Tuesday, February 03, 2015

My Mini Me, Your Mini Me

Things are complicated. I know that, but you don't have to play. The Swiss 10-Year Bond yield is now negative. That may sound complicated and there are lots of things that happen around that, but it can be simple. If you buy this bond, what you are doing is lending the Swiss Government money for 10 years. Lending is however an odd word since you will be paying for the pleasure. How much people will buy this 'loan' from you for may vary during the 10 years, but if you just hold it (and ignore inflation), you know what your, sorry I mean the borrowers, return will be. I have always struggled with bonds (as in why to buy them) and so do not claim to be an expert in any way. Many of the bond experts I know don't actually invest their own money in bonds. They improve the returns for other investors who have already chosen to invest in bonds. That is a valuable service, but not encouraging for people looking for something to invest in.

Source: The Washington Post & Bloomberg

I wrote about how money isn't actually a thing. The rich don't have 'hoards' of wealth. Money basically serves as a paper trail for ownership and a signal of potential spending power. Stuff happens, money just indicates who it is happening for and helps it happen. I like to think of money as an employee... or a Mini Me. Unless you are born to wealth, you are the primary employee to start in Me Inc. If you put your money in cash, you are allowing your Mini Me to work for someone else. Since so many people put their money in cash, there is no need to pay you very much, if anything at all. This is why Banks don't pay very much return on money market accounts. Supply is not limited. Putting your money in cash is like letting your Mini Me have a sleep at the bank until you need them. The Bank then lends out your Mini Mes (keeping a few in case people need them), but charges a more reasonable rate and asks some questions of the borrowers. It doesn't just lend indiscriminately. That is why people and businesses have to make a case to borrow. The bank wants to know that the money is going to be used productively and is likely to be paid back.

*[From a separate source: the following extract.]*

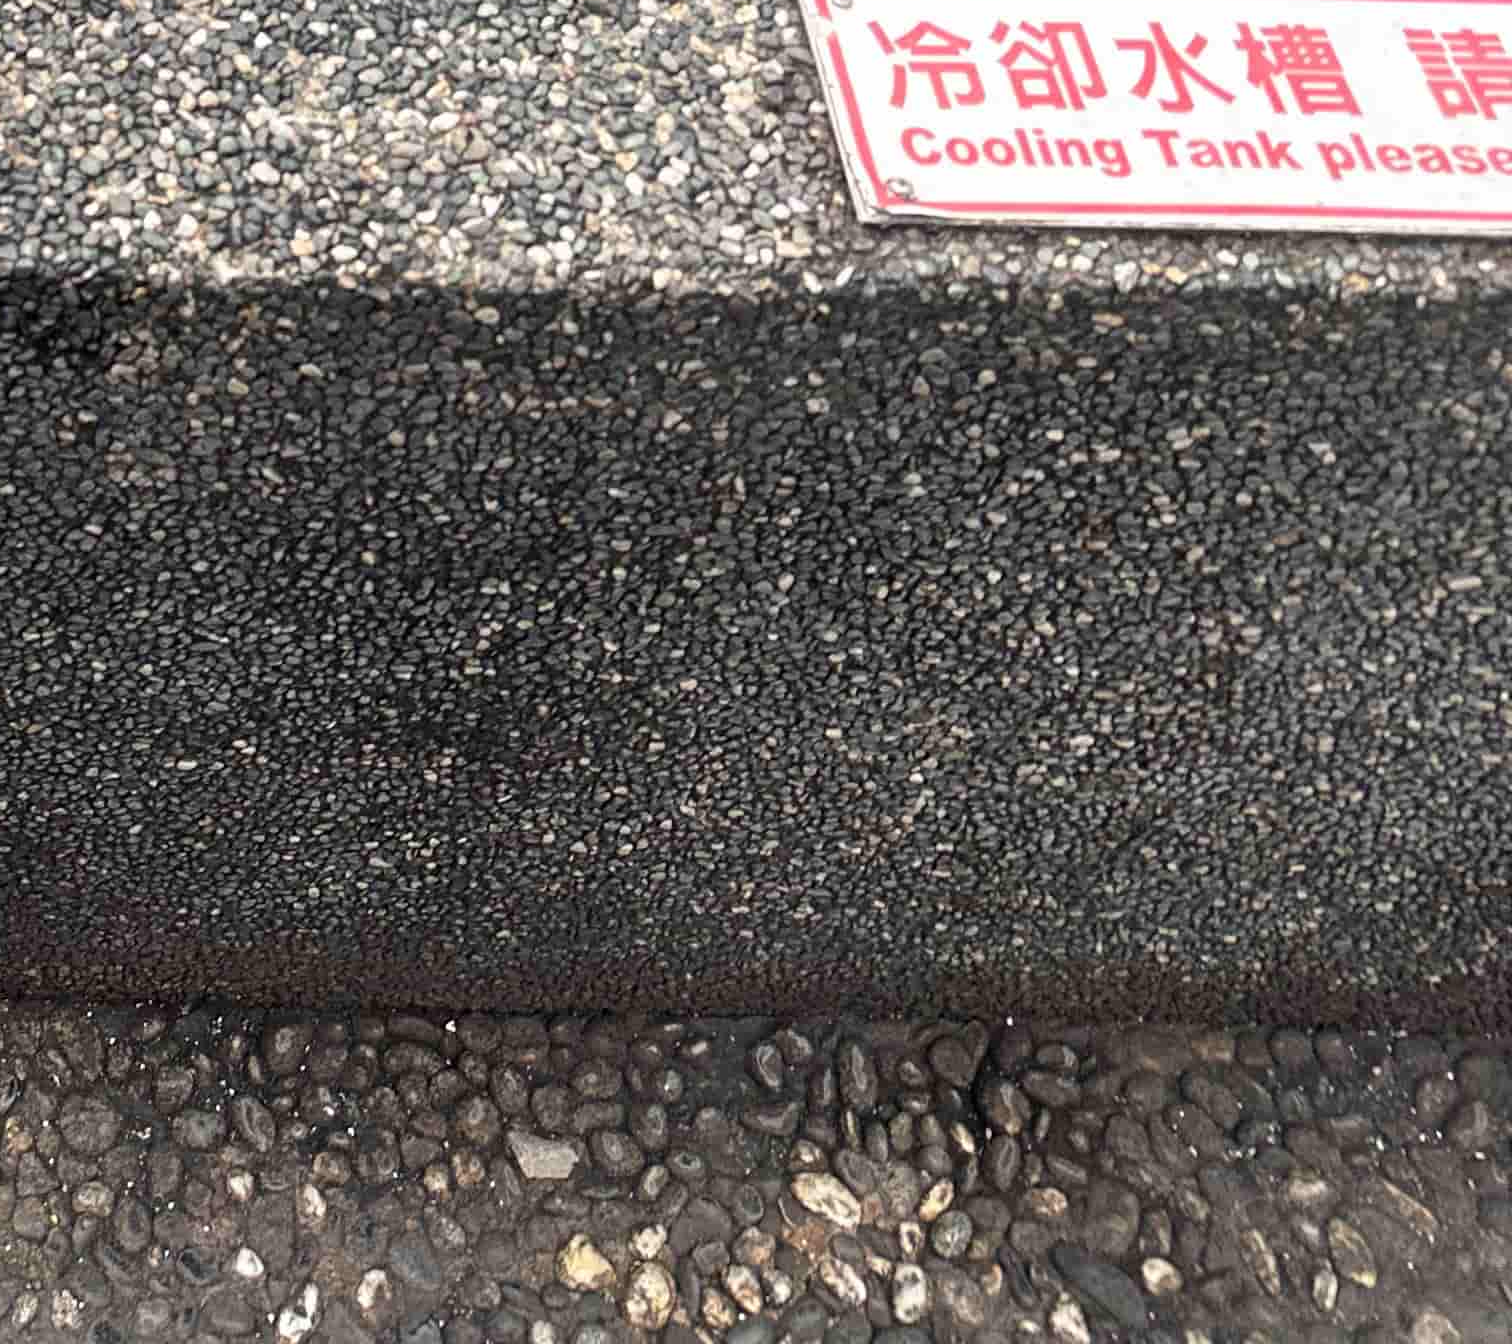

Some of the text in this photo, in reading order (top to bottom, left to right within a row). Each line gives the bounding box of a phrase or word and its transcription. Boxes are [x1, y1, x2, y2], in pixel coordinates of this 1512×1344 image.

[867, 20, 1512, 120] 冷卻水槽 請
[900, 126, 1512, 182] Cooling Tank please

If you 'invest' in a bond, you are lending money. The bond just allows you to sell the loan to someone else. This means you are the one lending the Mini Me rather than the bank. The yield is the salary your Mini Me is paid. Or in the case of Switzerland, the salary you pay for your Mini Me to work. In all cases the value of whatever work the Mini Me does goes to the borrower. A Government will spend your money and if they are good, invest in infrastructure and services that improve the quality of life for citizens. They will pay you back through taxes, future borrowing, or printing more money. Unlike governments (and lay people), a business shouldn't borrow just to spend. A rational business owner will only borrow the Mini Me if they believe that he will make more than the salary required. That is where the wealth will go.

If instead of letting your Mini Me sleepover at the bank, or go work for the Government, you get it to work for you, you get to keep whatever is made. If you don't use it, Mini Me grows bigger. If you are both feeding him aggressively and he is doing stuff that lets him feed himself, he grows faster and faster. Eventually Mini Me becomes Min Me, then Mi Me, then mMe and finally Me. At that point, if you don't change your required standard of living, you can go do something else. You won't work for money, your money will work for you.

I do believe the markets are pretty efficient. What I think that means is that they are good at balancing supply and demand and moving assets around to where they are productive. The problem is that who gets the benefit of the productivity depends on who decides to let their Mini Me sleep, work for someone else or work for them. Some people will gladly pay you nothing or let you pay them to let your Mini Me work for them. My issue with the idea of the Efficient Market is that people think cash and bonds are risk free assets. We are taught that equities are risky assets. How many times have you been told that you should slowly shift assets to hold more bonds as you get older to reduce risk. Risk is much more complicated than that. Very important to know though is that it is wrong to think that you get paid to take risk and can naively take risk off the table. At the moment, cash and bonds are return free risk. The only thing you know is that your Mini Me will be waiting for you when you decide to use him.

I will keep My Mini Me to myself thank you very much. And I will make sure he is doing something productive.



*I will make former colleagues in compliance proud by putting a disclaimer. This is not advice and I take no responsibility for you acting on it. This is the way I think. We are all responsible for our own decisions. The one thing you can't choose is to take no risk. You can choose to try and understand the risks you take. Good luck. Have you hugged your compliance officer today?